The distinction, though, is perhaps not so clear-cut. Therapeutic outcomes, disease states, and individual biomarkers are almost never stable or invariable. Underlying all approaches to therapeutic testing—including the creation of ‘similar’ comparison groups—is a basic assumption about which differences matter: in what ways are diseases and individuals alike or different, and how might clinicians use that information to tailor treatments appropriately? A better distinguishing factor for contemporary precision medicine is the way its development was predicated on the availability of ever-larger amounts of data about relevant differences. As the chair of Stanford’s Department of Genetics Michel Snyder explains in his introduction to personalized medicine, clinicians have always considered personalization as part of their work, but now the practice of medicine might become “more personalized” because medicine is “entering the era of big data” (Snyder, 2016, p. 1). That is, what’s new is the degree of precision afforded by the volume of personal data being collected. The NIH, for example, launched its All of Us research program in May 2018 (following similar efforts such as the UK Biobank and the China Kadoorie Biobank) with an aim to understand “the relationships between circulating biomarkers or genetic variation as they relate to disease prevention.” The crucial component was developing a data set large and diverse enough that “patterns will emerge that wouldn’t be visible at a smaller scale,” enabling researchers to have the “statistical power to make fine-grained predictions about how a given treatment will affect a given individual.”3 (The emphasis on diversity is not just for statistical reasons; it is also explicitly an effort to correct for decades of bias in medical research [Manolio, 2019] even though it is not at all obvious that more data will reduce existing racial inequities [Benjamin, 2019].) The novelty of precision medicine in the context of therapeutic tailoring is a matter of degree, not of kind, at least in its incarnation within multibillion-dollar efforts to enroll millions of patients’ health information in the service of harnessing “big data.”
The ability to predict how a “given treatment will affect a given individual” consequently relies—somewhat ironically—upon a history of aggregating patient data alongside measurements of therapeutic outcomes. By collecting more data linking particular factors to the risk of disease, population-level data could be used to make more precise clinical recommendations for individuals. For example, the landmark Framingham Heart Study was originally initiated in 1948 as a large prospective (cohort) study to establish incidence rates of heart disease in a classic public health or epidemiological sense. By the 1960s, however, statistical measures had been developed that enabled claims about specific biomarkers, behaviors, and other individual patient data to be linked to the probability of developing heart disease. Techniques of standardization and stratification that had once been used to control for confounders in aggregate studies were gradually replaced by prediction models for individual risk factors, even as researchers warned that the causal effect of a treatment could not be directly observed at the individual level (Keiding & Clayton, 2014; Susser, 1985). Statisticians continued to insist on the distinction between average effects in a population and an individual’s probability of disease, but for many clinicians, such distinctions were less and less important as populations were sliced into ever-finer groups and associations of biomarkers with risks were made ever more precise. (Easy-to-use tools like the Framingham Risk Score only further blurred this distinction by appearing to calculate an individual’s personal risk of disease on the basis of his or her specific medical data.)

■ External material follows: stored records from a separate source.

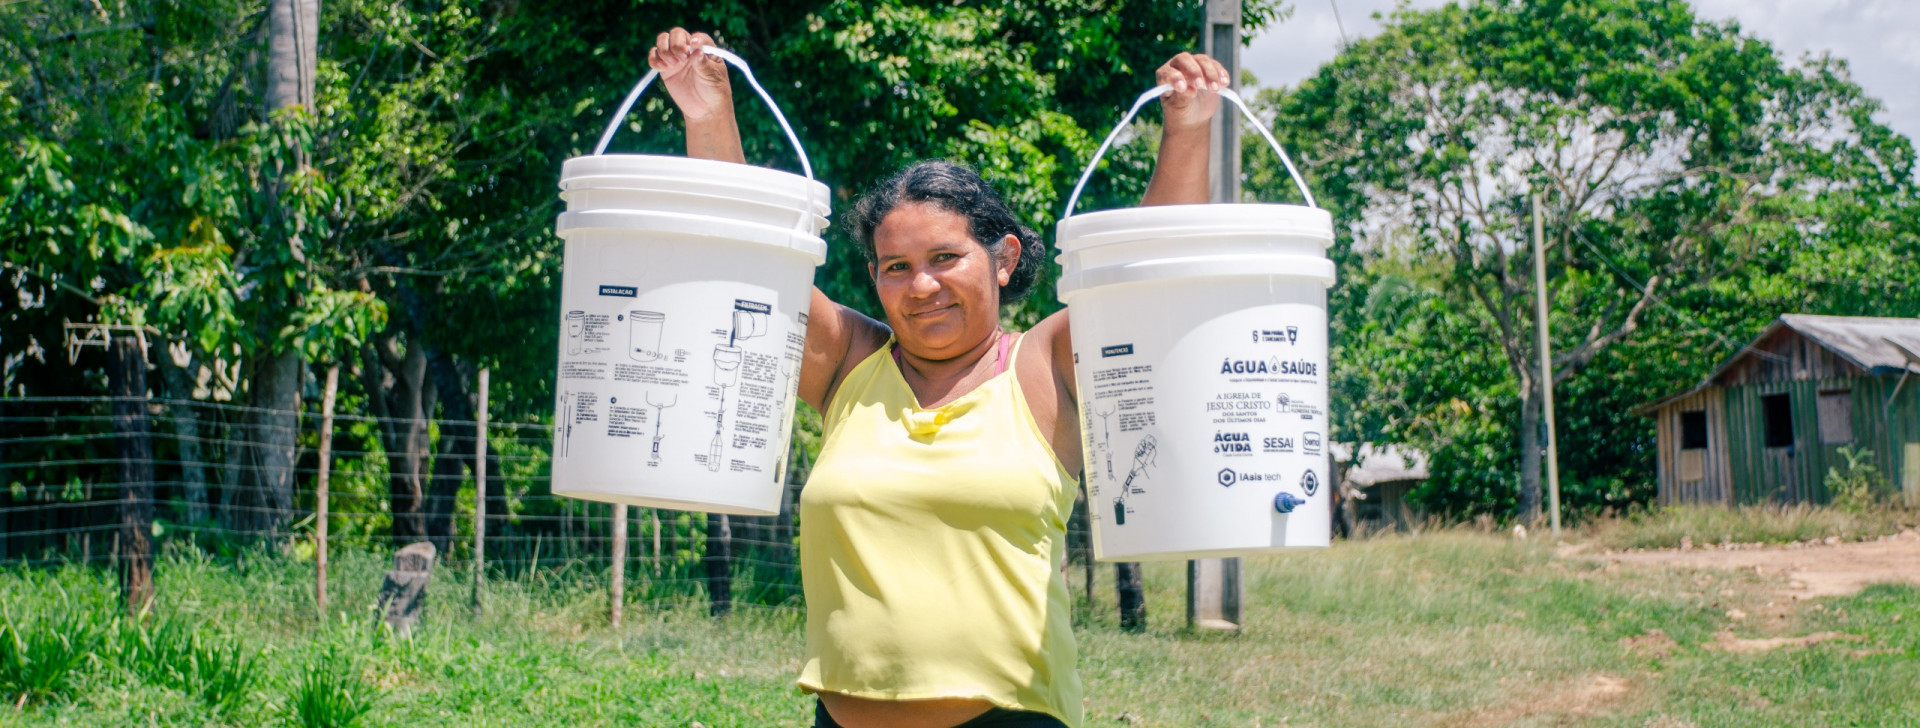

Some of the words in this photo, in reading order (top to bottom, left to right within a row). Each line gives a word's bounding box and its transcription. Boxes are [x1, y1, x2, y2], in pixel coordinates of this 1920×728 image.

[1220, 357, 1268, 374] ÁGUA
[1281, 358, 1317, 376] SAÚDE
[1206, 402, 1234, 412] JESUS
[1235, 400, 1271, 410] CRISTO
[1214, 430, 1250, 442] ÁGUA
[1220, 443, 1252, 452] VIDA
[1263, 437, 1294, 448] SESAI
[1264, 473, 1281, 481] tech

However misunderstood or misapplied, new statistical methods were crucial to enabling patient data to be aggregated, generalized, and then applied back again to individual therapeutic recommendations. These methods were not a natural outgrowth of existing academic statistical practices, however, and the statistics behind the Framingham study were developed by a relatively small group of statisticians located at the National Heart Institute and led by Jerome Cornfield. This cluster had split off from the first group of statisticians at the NIH, hired in 1947 under sociologist Harold Dorn at the National Cancer Institute with backgrounds largely in industrial medicine, economics, sociology, and population surveys. Alongside their research into the statistics of observational studies, these NIH statisticians were also developing statistical methods for experimental settings, particularly dose-response studies and randomized clinical trials. Amid the NIH’s expanding role in medical research, their methods enabled more precise claims to be made about which individual attributes or experimental conditions were likely to be causally associated with specific diseases. Though modern causal inference was still in the future, statisticians located at the NIH helped lay the foundations by showing how to carefully interrogate evidence of association in settings in which patients and government officials demanded answers to pressing practical questions—how, for example, might individuals reduce their personal risk of lung cancer or heart disease? Their work made a field like clinical epidemiology possible by showing how to combine clinical methods with seemingly distinct epidemiological methods. New statistical methods to model responses to therapeutic interventions, to make clinical trials more adaptive, to reduce false positives in screening procedures, and to estimate the probability of disease on the basis of aggregated risk factors were all critical to this transformation—and all developed in part by NIH statisticians between 1950 and 1980.4
Researchers at the NIH made up only a small fraction of the international efforts of biostatisticians. Given the long history of precision medicine in its various guises, however, the postwar developments at the NIH are as sensible a marker as any for the origins of contemporary precision medicine. The NIH in this period became the largest global funder of medical research, including in biostatistical methods, and its largesse reorganized research activities of universities and independent institutes alike. The NIH was able to shape many subsequent developments through funding mechanisms, from promoting statistically sound study designs to encouraging ‘comparative effectiveness research’ and ‘patient-centered outcomes research’. The NIH also took the lead at midcentury in using electronic computers to process the growing collection of medical data, an essential precursor for using ‘big data’ methods in medicine (November, 2012). If the idea of making medicine more precise and more personal goes back centuries, then many of the specific concepts, tools, and institutions at the heart of contemporary precision medicine have origins in the postwar NIH.
* * *
The ongoing work of data scientists and statisticians will be crucial to precision medicine, even as the meaning of ‘precise’ changes over time. The dream of turning medicine into a deterministic science has been around for many years, but the central question remains how researchers should move from individual patient outcomes to generalized knowledge that can be reliably applied in the future to a new patient who is similar in some respects and different in others. From this longue durée perspective, the human genome is simply the latest data used to subdivide patient populations and infer appropriate therapeutic recommendations. Moreover, even as an increasing amount of personal medical data is collected, there remains a big difference between identifying genes associated with a disease (or associated with elevated risk for a disease) and developing a successful new drug.5 Genetic discoveries have provided powerful and novel insights into the pathology of disease, but the complexity of genetic expression and causal pathways suggests pharmacogenetic approaches are unlikely to render probabilistic models or statistical tools obsolete.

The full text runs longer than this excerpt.